Saturday, July 14, 2012

Paper Rater

I came across Paper Rater after one of Richard Byrne's posts on plagiarism tools from August 2010. He recently ran an updated post on eight resources for detecting and preventing plagiarism in June 2012 and Paper Rater is still on his list.

From Paper Rater's About page:

PaperRater.com is a free resource, developed and maintained by linguistics professionals and graduate students. PaperRater.com is used by schools and universities in over 46 countries to help students improve their writing. PaperRater.com combines the power of natural language processing (NLP), artificial intelligence (AI), machine learning, information retrieval (IR), computational linguistics, data mining, and advanced pattern matching (APM). We offer the most powerful writing tool available on the internet today.

Since I am taking a short course and creating Lab Reports in APAv6 I thought I would give Paper Rater a try. Enter the title of your paper, copy and paste the text of your paper in the text box, copy and paste your references, bibliography, and works cited in the Reference box. Then select the education level of this paper's author, the type of paper you are submitting, originality detection (optional), and read and agree to the terms of service.

Depending on the amount of text inserted, report type selected, and your network connection the results will display. You have the option to print a summary of your results or step through the recommendations.
Paper Rater will check your submission for plagiarism, spelling, grammar, style, vocabulary and give you an opportunity to like them on Facebook. I would put them in a circle if they were on Google+. Depending on the type of paper you submit there is an option to view a grade. Selecting Lab Reports does not produce a grade but I can select Research Paper and the Grade option is available.

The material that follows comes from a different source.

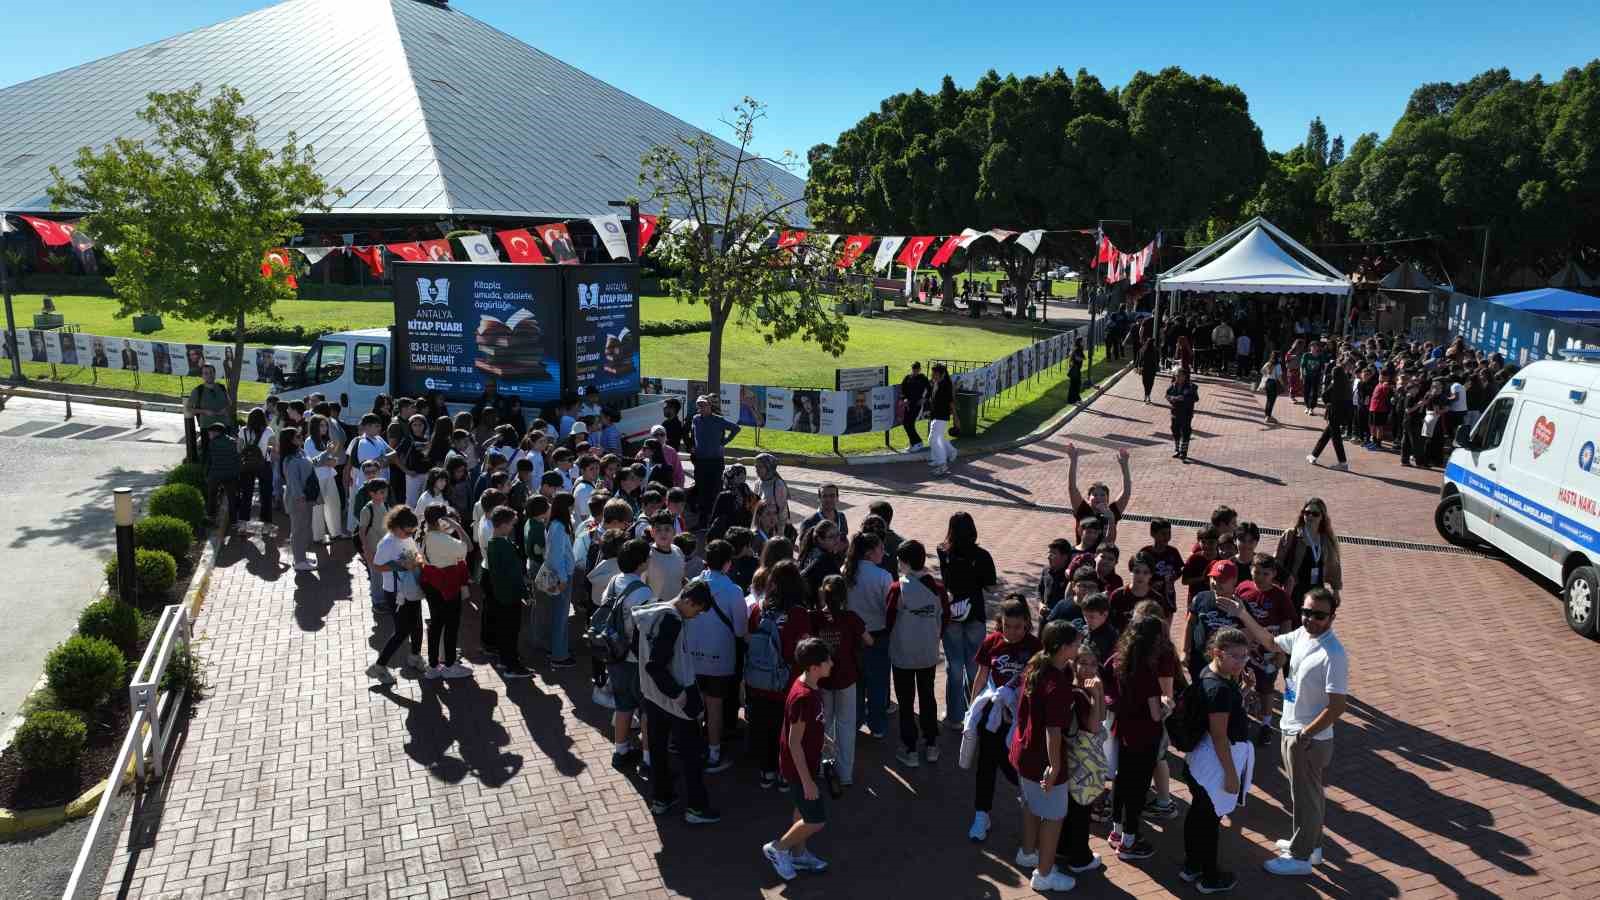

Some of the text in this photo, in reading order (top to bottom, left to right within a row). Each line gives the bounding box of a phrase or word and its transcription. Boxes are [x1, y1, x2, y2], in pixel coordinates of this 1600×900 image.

[416, 310, 453, 319] ANTALYA
[408, 320, 463, 332] KİTAP FUARI
[1558, 488, 1577, 505] HASTA

The additional components that I like about Paper Rater are:
Bad Phrase Score which is based on the number and quality of trite or inappropriate words, phrases, and cliches found in your paper.

The Style section includes the transitional words score, sentence length, and word usage.
Transitional Words Score based on quality of transitional phrases used within your paper.
The Sentence Length section provides a summary that includes sentence info includes character count, number of words, average length, characters=syllables, number of sentences, average length, percent and number of short sentences, percent and number of long sentences, number of paragraphs, average sentence length, number of questions, and percent and number of passive sentences, and the number of the words in the longest and shortest sentence.

The Word Usage section provides a summary of verb types which include: to be and auxiliary then calculates the percentage of conjunctions, pronouns, prepositions, and nominalizations and sentence beginnings which include the number of pronouns, interrogative pronouns, articles, subordinating conjunctions, conjunctions, and prepositions.

The Vocabulary Score section provides a vocabulary score, vocabulary word count, percentage of vocabulary words, and a list of vocabulary words used. They recommend their vocabulary builder to improve just one word a day in your vocabulary to encourage you to improve your vocabulary score to 60, which will make your paper stand out.

So if you have a paper that you want analyzed, give Paper Rater a try. The site provides a different perspective of your writing. 

Paper Rater has a user suggestion improvement site, a blog and a Facebook page. I would like to add Paper Rater to a Google+ circle if they were there.

What is your favorite part of Paper Rater? Are you using it with thesis/dissertation assignments, blog posts, biography, correspondence, book reports, movie or book reviews? Comments, recommendations, reaction box checks, and +1s are always welcome.

1 comment:

Anonymous said...

This is actually a very useful tool; quick and simply easy to use. However, it does have a rather limited vocabulary check. As an example, I got an embarrassingly low score on vocabulary, when I know I used a number of high-level words (A few I can list being: clamorous, resonated, tumultuous and, din).

However: Vocabulary Score: 18 Vocabulary Word Count: 1 Percentage of Vocab Words: 0.92% Vocabulary Words in this Paper (a Subset): leave.

Really? "Leave" is a vocabulary word and tumultuous isn't? This paper was graded at a post-grad level according to PaperRater, and this is the best it has to offer?